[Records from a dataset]
- Opening Delimiter -

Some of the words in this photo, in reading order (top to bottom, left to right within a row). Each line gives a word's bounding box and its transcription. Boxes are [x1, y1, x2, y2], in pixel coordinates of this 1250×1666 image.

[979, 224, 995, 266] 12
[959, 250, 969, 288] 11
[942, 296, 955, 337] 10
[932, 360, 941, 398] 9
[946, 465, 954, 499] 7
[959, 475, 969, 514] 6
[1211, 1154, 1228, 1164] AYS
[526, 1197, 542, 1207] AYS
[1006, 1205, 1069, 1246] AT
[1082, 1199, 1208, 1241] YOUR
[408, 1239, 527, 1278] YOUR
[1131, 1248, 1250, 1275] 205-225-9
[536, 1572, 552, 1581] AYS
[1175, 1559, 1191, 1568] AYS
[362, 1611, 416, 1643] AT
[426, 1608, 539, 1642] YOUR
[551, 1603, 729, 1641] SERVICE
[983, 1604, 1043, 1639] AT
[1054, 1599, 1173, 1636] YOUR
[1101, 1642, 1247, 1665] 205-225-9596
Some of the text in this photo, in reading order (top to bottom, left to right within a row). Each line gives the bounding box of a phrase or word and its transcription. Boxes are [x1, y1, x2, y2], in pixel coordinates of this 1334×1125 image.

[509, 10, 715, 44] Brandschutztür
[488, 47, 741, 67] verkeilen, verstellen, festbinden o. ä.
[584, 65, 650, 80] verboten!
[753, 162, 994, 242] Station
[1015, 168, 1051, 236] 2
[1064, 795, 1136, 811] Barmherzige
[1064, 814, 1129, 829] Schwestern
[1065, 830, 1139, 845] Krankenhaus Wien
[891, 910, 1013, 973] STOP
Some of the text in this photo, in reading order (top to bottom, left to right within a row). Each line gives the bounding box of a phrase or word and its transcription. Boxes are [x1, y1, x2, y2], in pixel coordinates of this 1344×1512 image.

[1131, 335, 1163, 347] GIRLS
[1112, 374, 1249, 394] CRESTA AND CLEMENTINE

- Closing Delimiter -

• Required work:
Repeat the data. Every word must match.

• Task result:
Some of the words in this photo, in reading order (top to bottom, left to right within a row). Each line gives a word's bounding box and its transcription. Boxes are [x1, y1, x2, y2], in pixel coordinates of this 1250×1666 image.

[979, 224, 995, 266] 12
[959, 250, 969, 288] 11
[942, 296, 955, 337] 10
[932, 360, 941, 398] 9
[946, 465, 954, 499] 7
[959, 475, 969, 514] 6
[1211, 1154, 1228, 1164] AYS
[526, 1197, 542, 1207] AYS
[1006, 1205, 1069, 1246] AT
[1082, 1199, 1208, 1241] YOUR
[408, 1239, 527, 1278] YOUR
[1131, 1248, 1250, 1275] 205-225-9
[536, 1572, 552, 1581] AYS
[1175, 1559, 1191, 1568] AYS
[362, 1611, 416, 1643] AT
[426, 1608, 539, 1642] YOUR
[551, 1603, 729, 1641] SERVICE
[983, 1604, 1043, 1639] AT
[1054, 1599, 1173, 1636] YOUR
[1101, 1642, 1247, 1665] 205-225-9596
Some of the text in this photo, in reading order (top to bottom, left to right within a row). Each line gives the bounding box of a phrase or word and its transcription. Boxes are [x1, y1, x2, y2], in pixel coordinates of this 1334×1125 image.

[509, 10, 715, 44] Brandschutztür
[488, 47, 741, 67] verkeilen, verstellen, festbinden o. ä.
[584, 65, 650, 80] verboten!
[753, 162, 994, 242] Station
[1015, 168, 1051, 236] 2
[1064, 795, 1136, 811] Barmherzige
[1064, 814, 1129, 829] Schwestern
[1065, 830, 1139, 845] Krankenhaus Wien
[891, 910, 1013, 973] STOP
Some of the text in this photo, in reading order (top to bottom, left to right within a row). Each line gives the bounding box of a phrase or word and its transcription. Boxes are [x1, y1, x2, y2], in pixel coordinates of this 1344×1512 image.

[1131, 335, 1163, 347] GIRLS
[1112, 374, 1249, 394] CRESTA AND CLEMENTINE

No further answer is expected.